Another solution is to edit the raw files, select them and then choose 'Photo - Edit in - Merge to HDR Pro in Photoshop'. This will send 16 bits TIFF files (with their edits baked in) to Photoshop and merge them. You then have three choices. You can merge to a 32 bits TIFF, meaning you only merge and do no tone mapping. If you then save this TIFF you can further edit it in Lightroom. The second option is to merge to 16 or 8 bits, which means you'll use HDR Pro for tone mapping. And finally you can merge to 32 bits TIFF and check the option to complete the toning in ACR.


----------



## BarrySchwartz (Jan 22, 2020)

Johan - Thanks for this.  I have in fact done all those things.  Working directly on the DNGs is a much faster process because it's all done in LR, resulting in the TIF I need for final processing, anyway.  You can do things to a raw file that don't work as well on a TIF (and vice-versa), plus, during the blending process in LR, if the resulting blend does not turn out well I can make changes to each DNG and do it again until I get it right.


----------



## Paul_DS256 (Jan 22, 2020)

BarrySchwartz said:


> Here's a portion of that workflow, and forgive me if you already know some of this.
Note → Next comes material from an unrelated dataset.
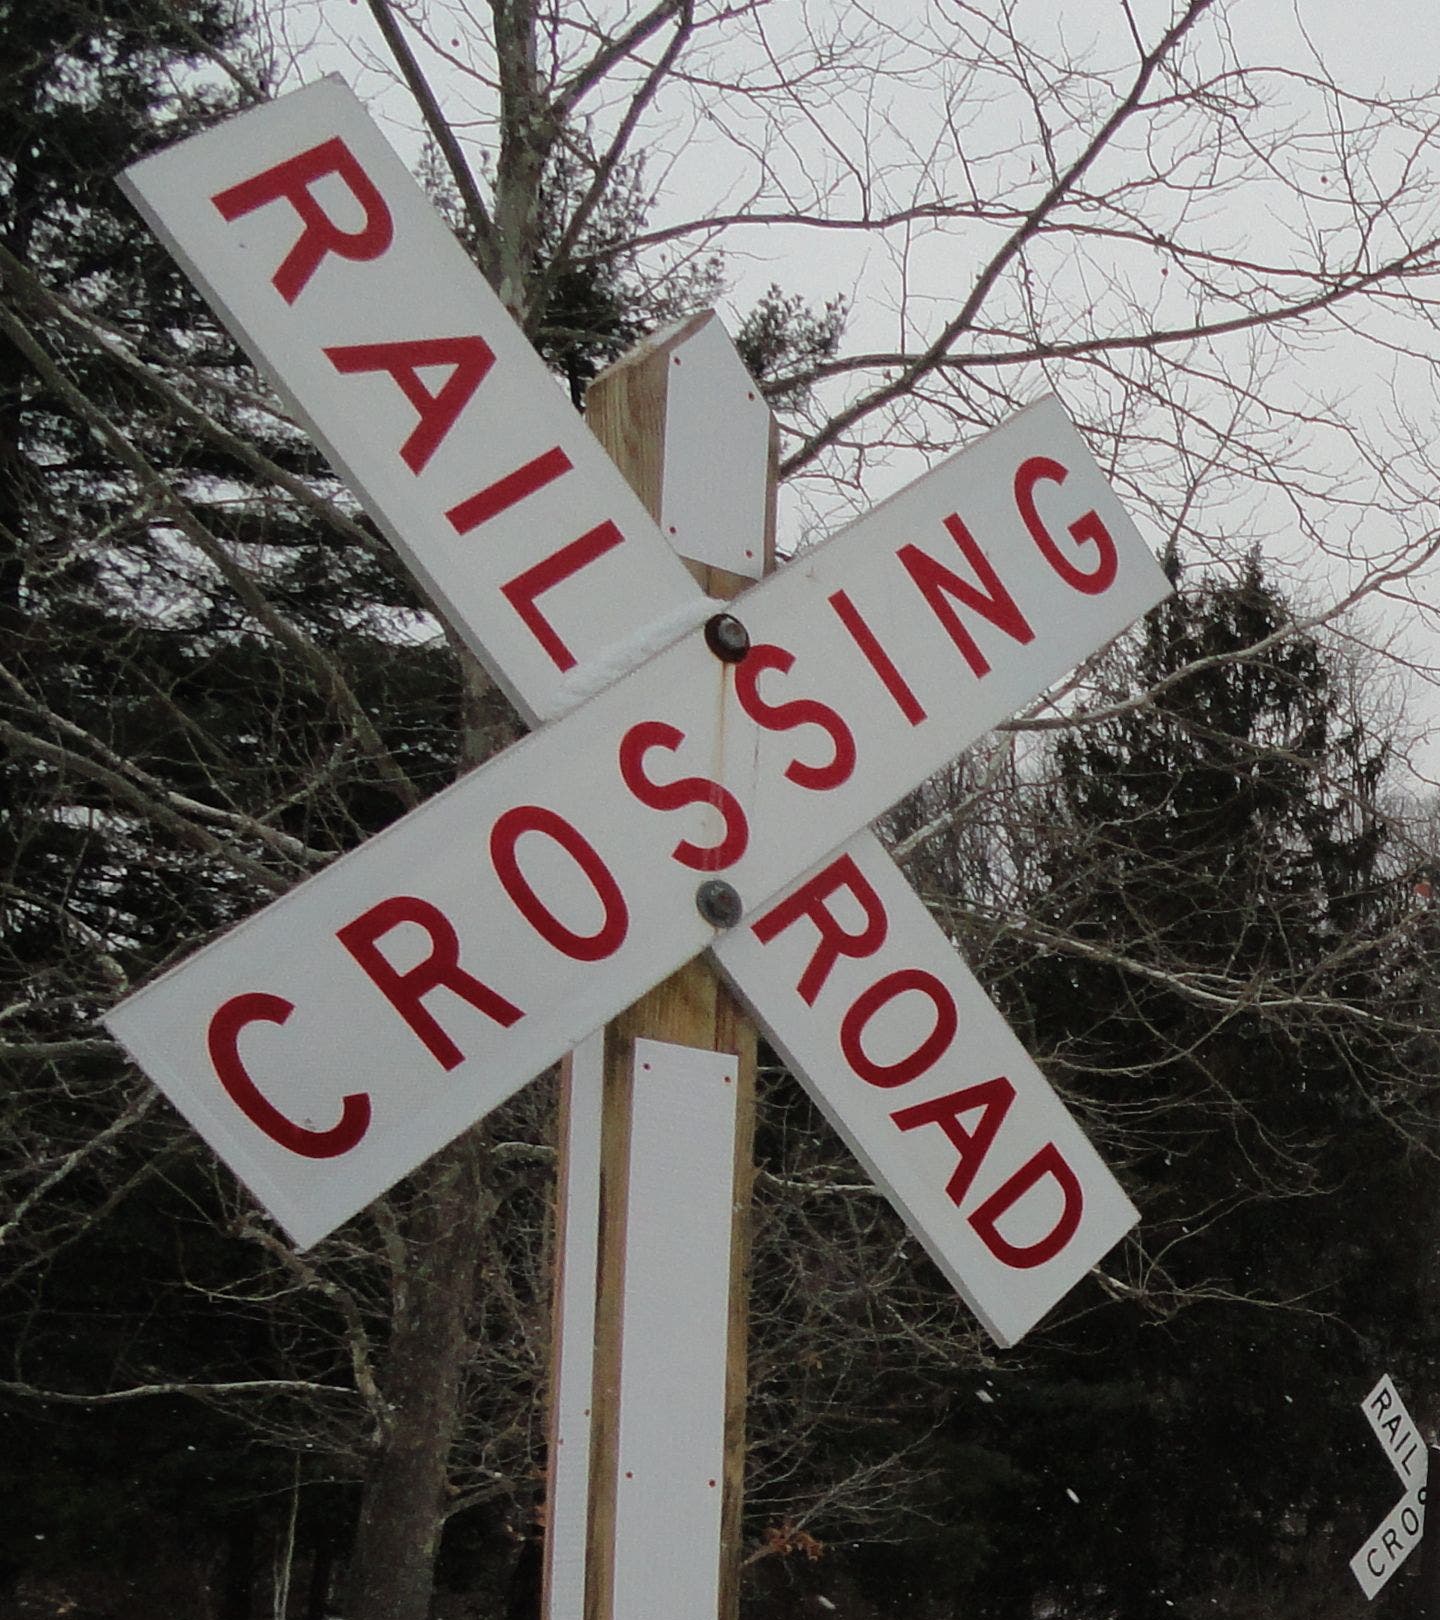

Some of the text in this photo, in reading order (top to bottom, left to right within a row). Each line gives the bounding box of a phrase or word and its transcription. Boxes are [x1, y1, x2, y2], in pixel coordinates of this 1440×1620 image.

[207, 456, 1119, 1158] CROSSING
[212, 137, 1084, 1271] RAIL ROAD
[1371, 1387, 1418, 1476] RAIL
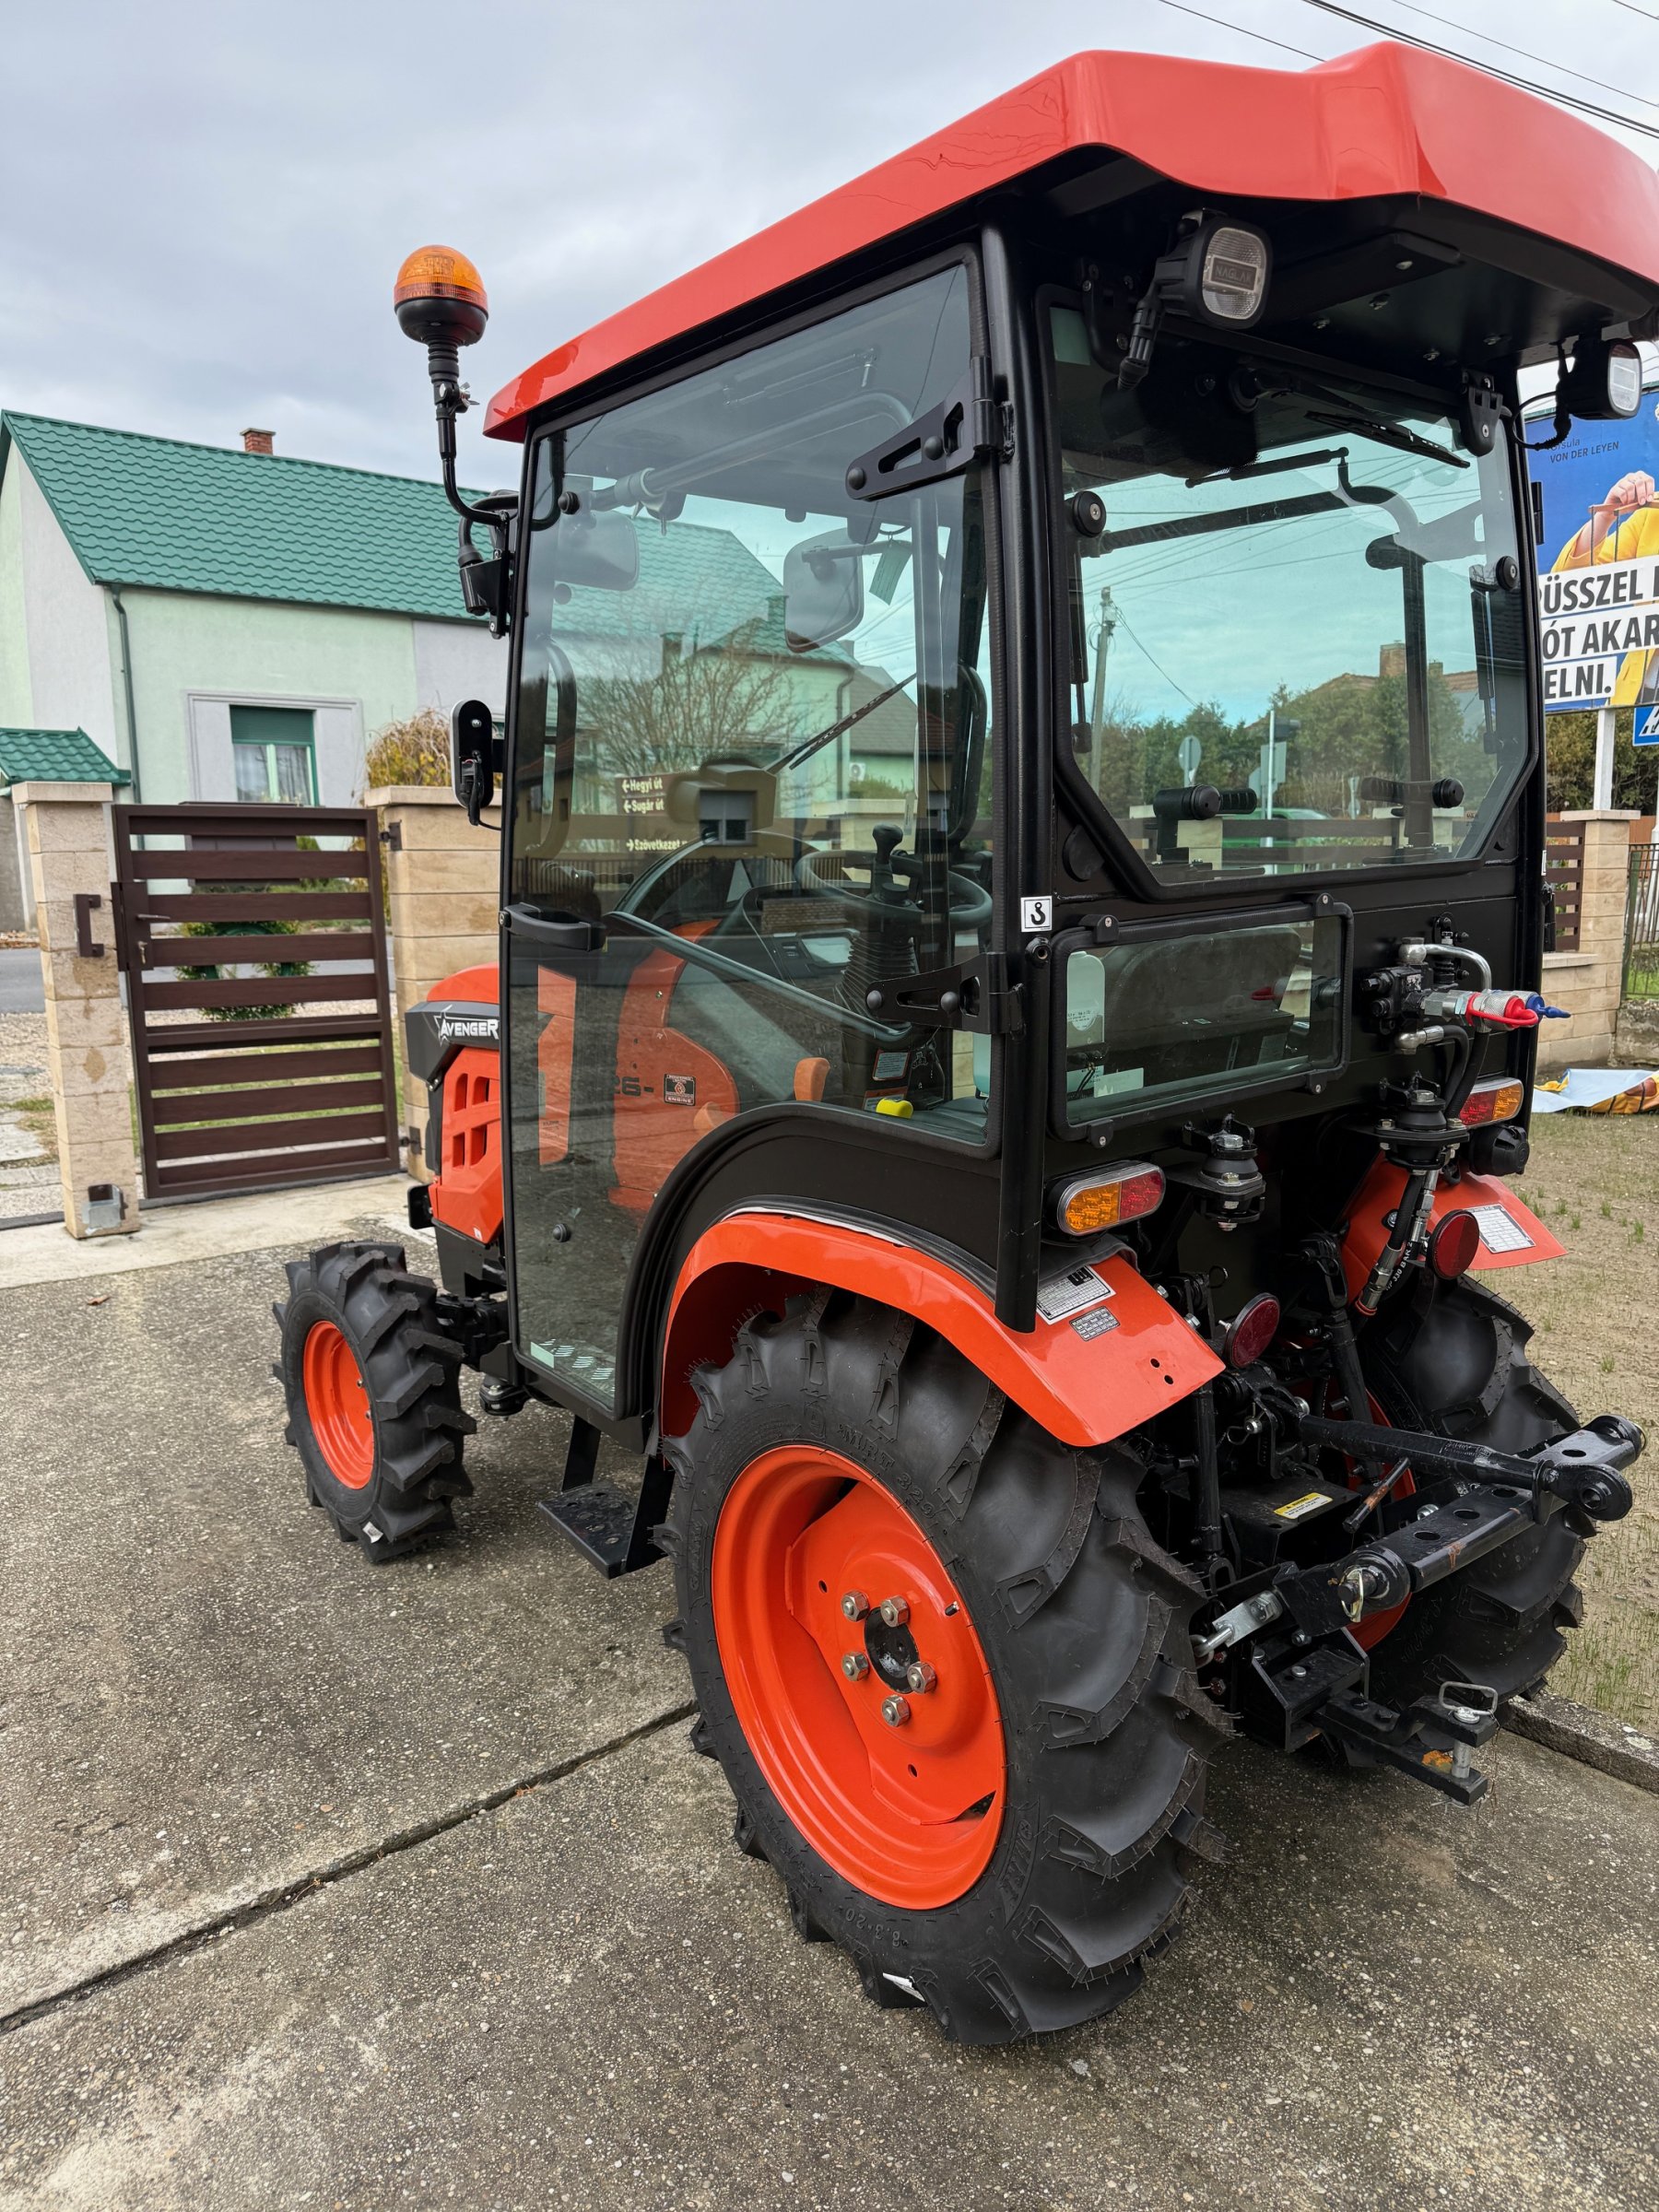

Thanks for the detailed information. I didn't understand the extent of what you can do.


----------



## Johan Elzenga (Jan 22, 2020)

BarrySchwartz said:


> Johan - Thanks for this.  I have in fact done all those things.  Working directly on the DNGs is a much faster process because it's all done in LR, resulting in the TIF I need for final processing, anyway.  You can do things to a raw file that don't work as well on a TIF (and vice-versa), plus, during the blending process in LR, if the resulting blend does not turn out well I can make changes to each DNG and do it again until I get it right.


I'm sorry, but you are confusing me. First you say that there is a problem with merging raw files to DNG in Lightroom because you can't edit the raw files and use the edits in the merge, so that is why you used Enfuse. So I give you some alternatives that do not involve merging raw files, but merging tiff files, just like Enfuse does. And now you sing the virtues of merging to DNG to me?...


----------



## FGLR (May 28, 2020)

curbappealpix said:


> So . . . since there are apparently no known solutions to my issue, can anyone recommend an app or program  that works  with Lightroom that I can use to blend HDR (and doesn't look like clown vomit)?



I was able to update the exiftool utility and Enfuse works in Catalina now.  If you want a copy, let me know.


----------



## maartenkuin (Aug 1, 2020)

Hello Can anybody tel me how enfuse works on Catalina


----------



## maartenkuin (Aug 1, 2020)

FGLR said:


> I was able to update the exiftool utility and Enfuse works in Catalina now.  If you want a copy, let me know.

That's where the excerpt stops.